Running away is something you do when you're a kid. But when you're grown up it seems silly. And then, where would I run to? Because it's a big city and all, but I can't get lost here. And then I'll start to get hungry and I'll want to come back home, cos even though there's not much food there, at least there's a chance I'll find something. And I don't want to be another of the poor homeless wretches on the street corner, a hand out toward passing carriages, deaf to the scoffs of the rich. My brother was lucky he got away. But the people on the streets, they're mostly men, and they're older than me, and that might not end well for me.

Not that I haven't had to cope with men like that before. I didn't want to have anything to do with Montparnasse after what he did, but I see him all the time and holding a grudge is hard work. And anyway Azelma refused him because she knew it would upset me even more. But why her? Everyone tells us we look so much alike. Is it because she is younger? Her hair is a different shade than mine. Is that it? She is happier, more naive.

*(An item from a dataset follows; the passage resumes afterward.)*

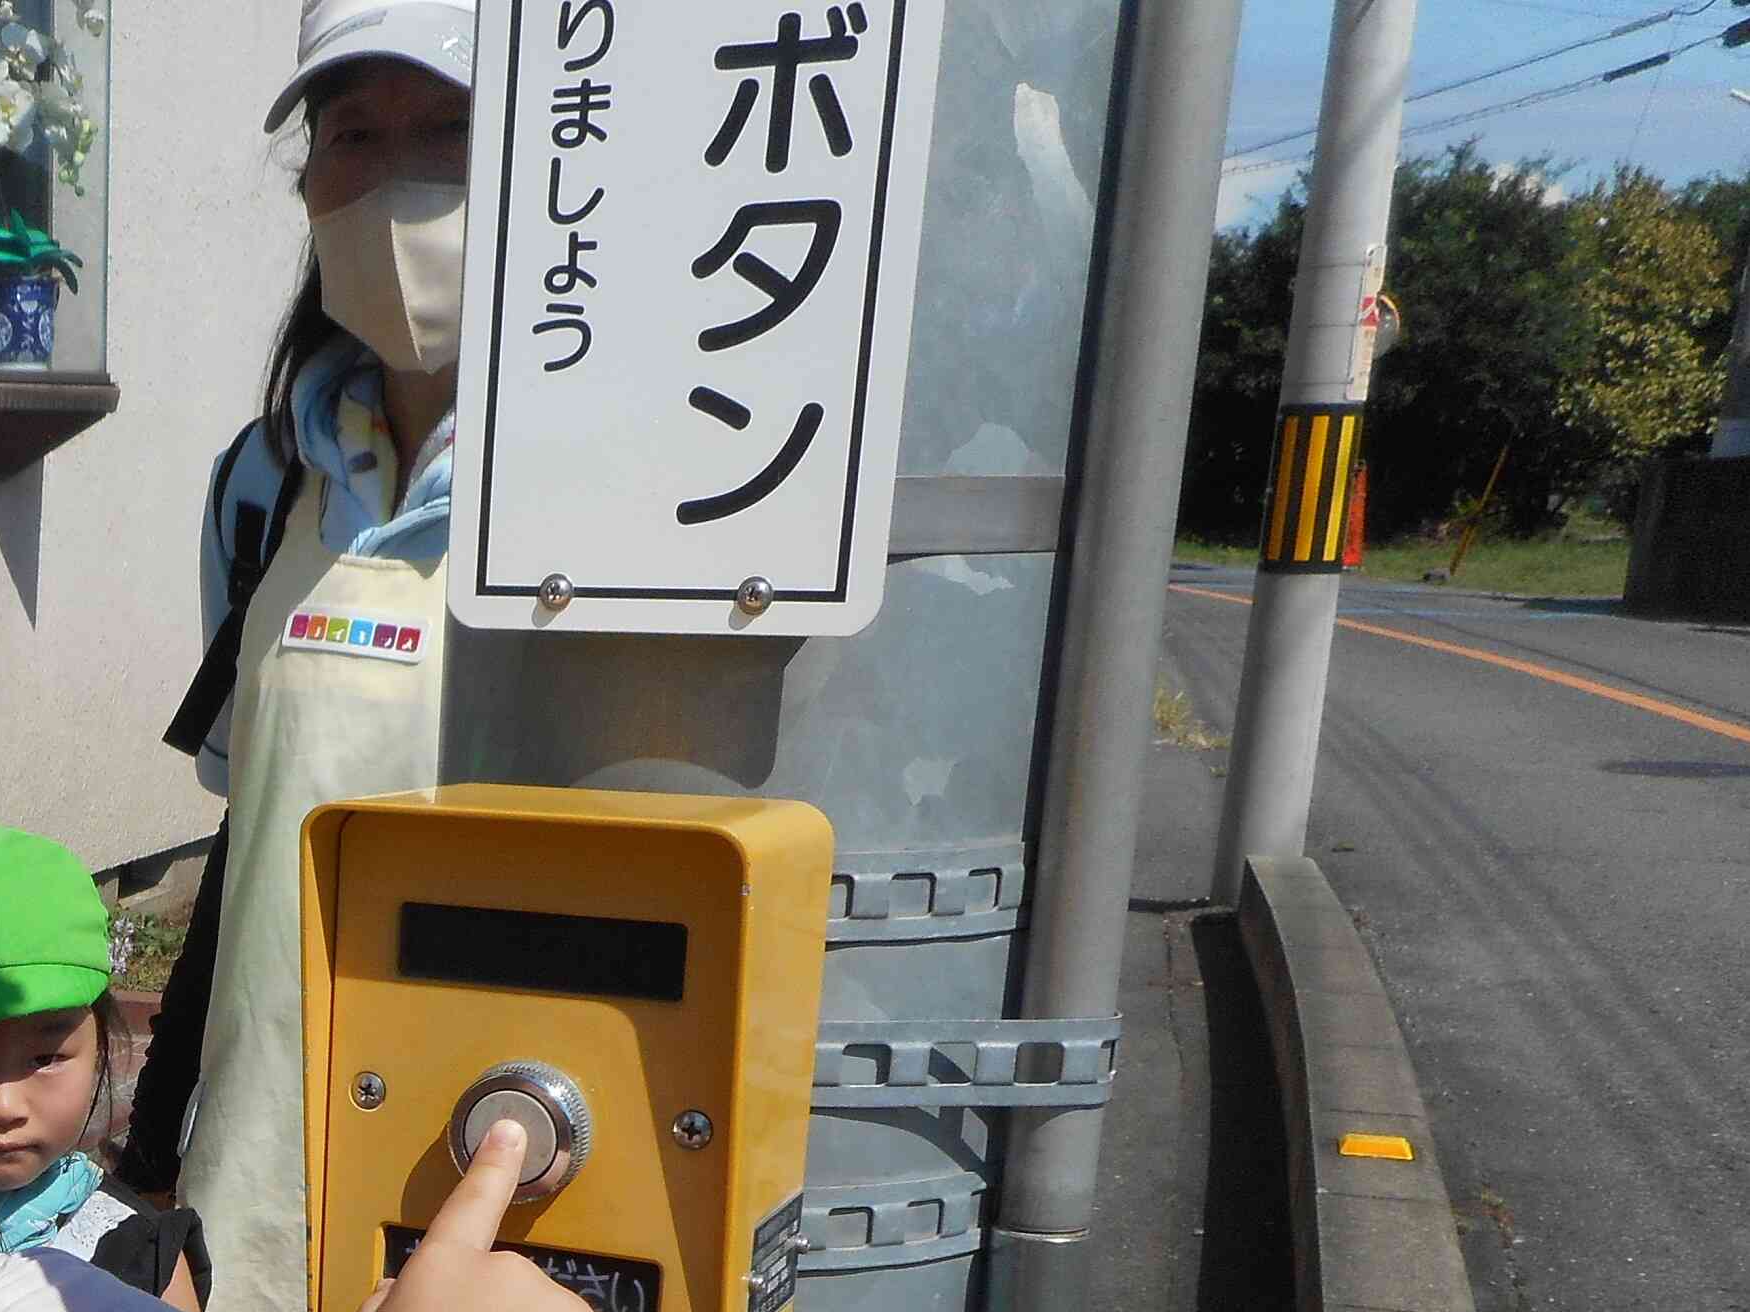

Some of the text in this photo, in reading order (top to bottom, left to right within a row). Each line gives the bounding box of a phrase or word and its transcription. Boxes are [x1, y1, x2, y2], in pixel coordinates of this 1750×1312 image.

[532, 0, 615, 372] りましょう
[676, 2, 869, 526] ボタン

Younger? He's years older than me! But maybe he doesn't think about that. It must be because she's happier. I guess. But anyway every time I see him now he's with this pretty whore, so I guess it came out well for all of us. Except that I'm still alone, but I'm fine with that. Because I have my dream, and I have to believe it could come true. I have to. Without my dream I'll have nothing, and then it'll really be just me against a whole big world, unless you think my family is on my side. I don't think they are. I'll have to get out of here sometime.

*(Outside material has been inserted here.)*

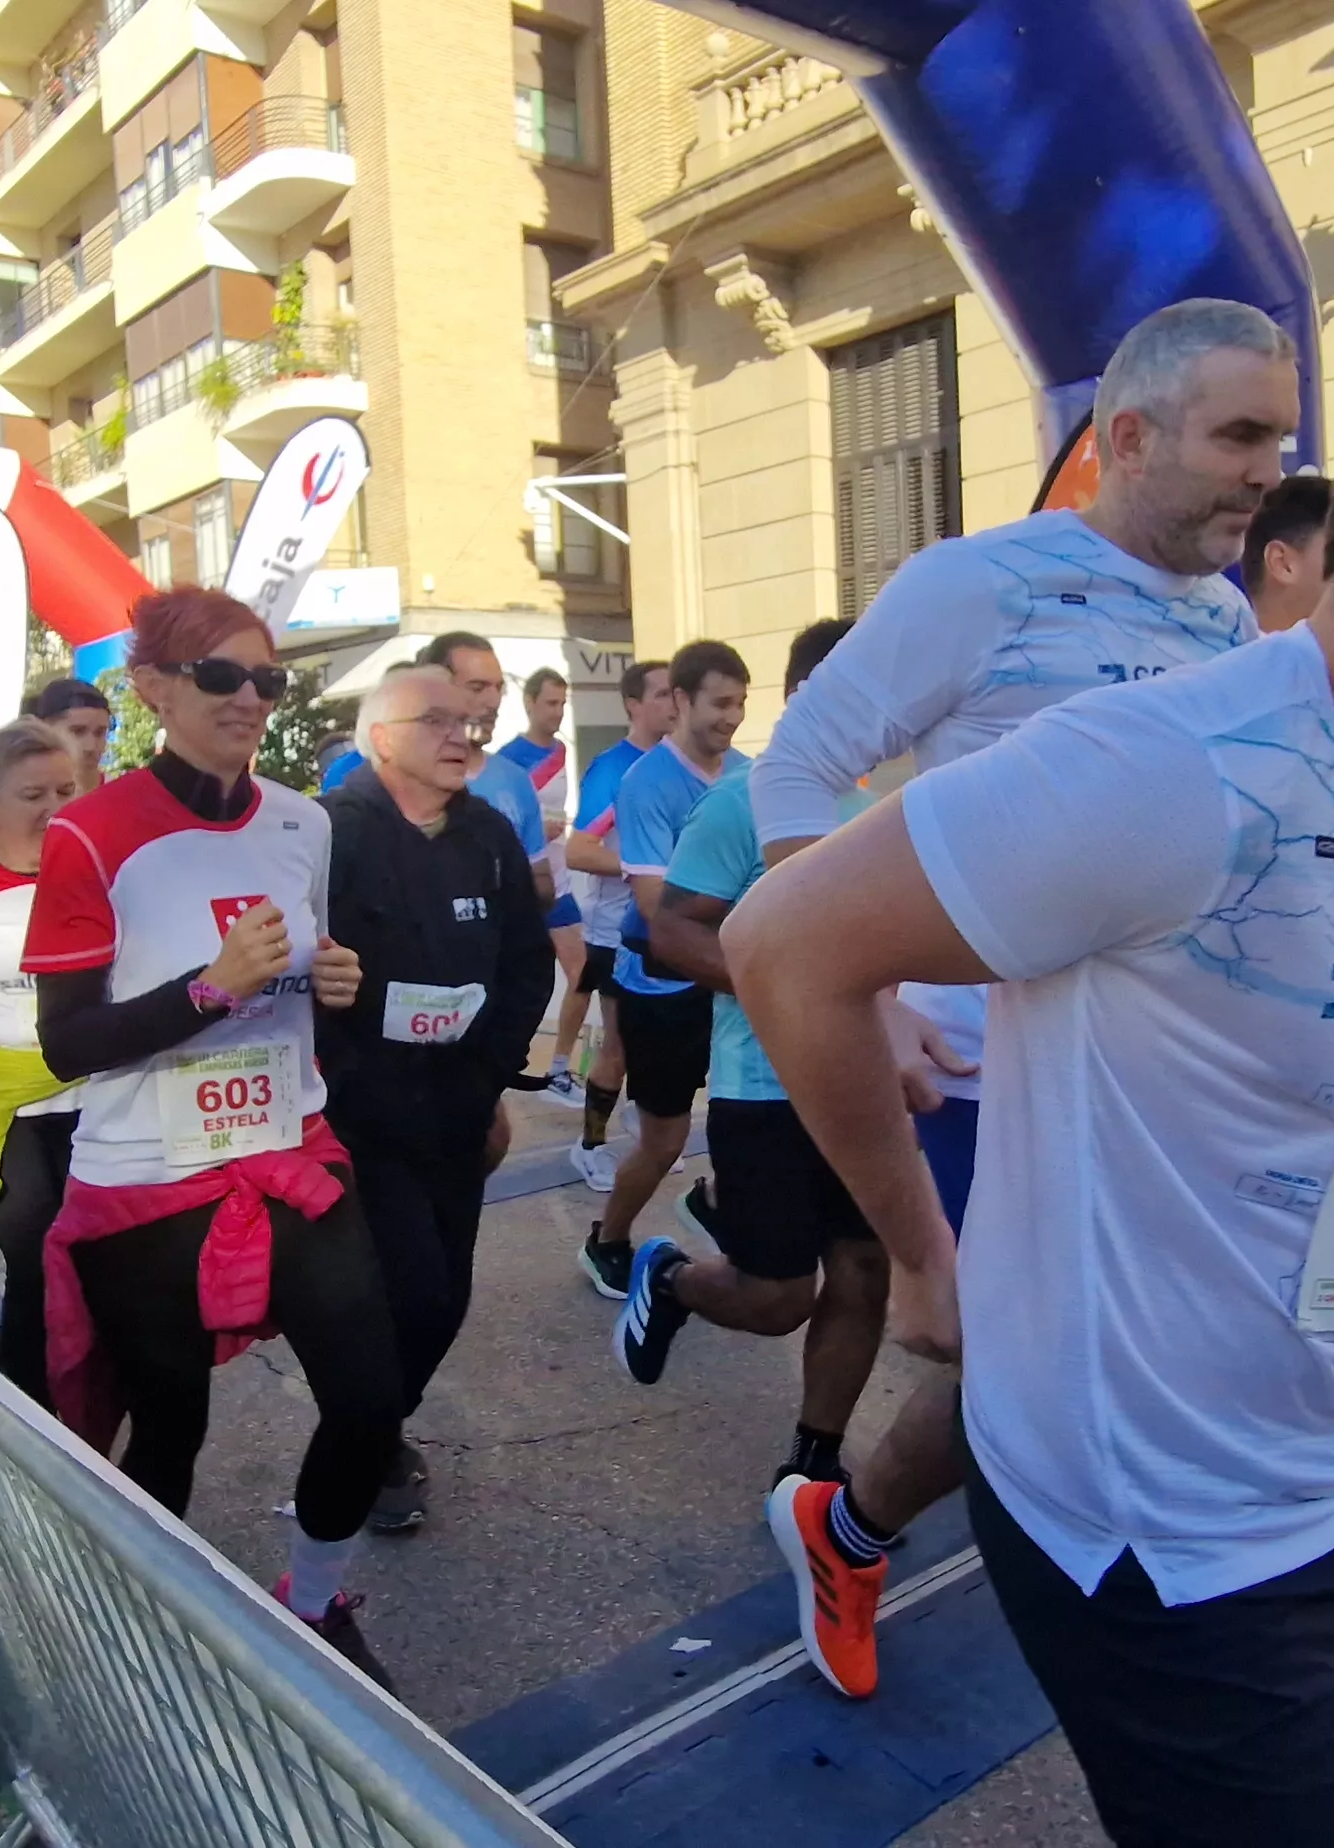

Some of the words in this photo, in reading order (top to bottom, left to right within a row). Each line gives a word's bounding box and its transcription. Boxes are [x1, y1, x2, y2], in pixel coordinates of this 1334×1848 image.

[196, 1073, 273, 1113] 603
[203, 1110, 270, 1133] ESTELA
[209, 1131, 233, 1151] 8K

I don't know where I am going. I know where I want to go, but I don't think it can happen. I'll pretend. But I think I'll end up just like my parents, and they aren't happy, but they aren't happy together, and perhaps together is all that they need. Except I want to be alone. Because if all men are as stupid as Montparnasse or have a temper like my father, then I don't want to live with one.

Monsieur Marius has his Cosette, too. I know he's happy with her, and I know he's never seen me as anything more than—well, me—but I like to think we'll be married someday. Except part of what makes him so good is how devoted he is to Cosette, and if he left her sobbing in her garden for me, well, I think that would be disillusioning. It would mean that all the pretty words were fleeting, or even lies. Not that I would object, mind you, or send him back. Because I love to hear his voice, and see the way he smiles, even if he's smiling at her. If she died, maybe, it would be acceptable for him to move on to me. Or if she told him to leave, but she wouldn't. When you have Monsieur Marius, you don't want him to go. Of course not.

When you have nothing to hope for, no one to love—now what?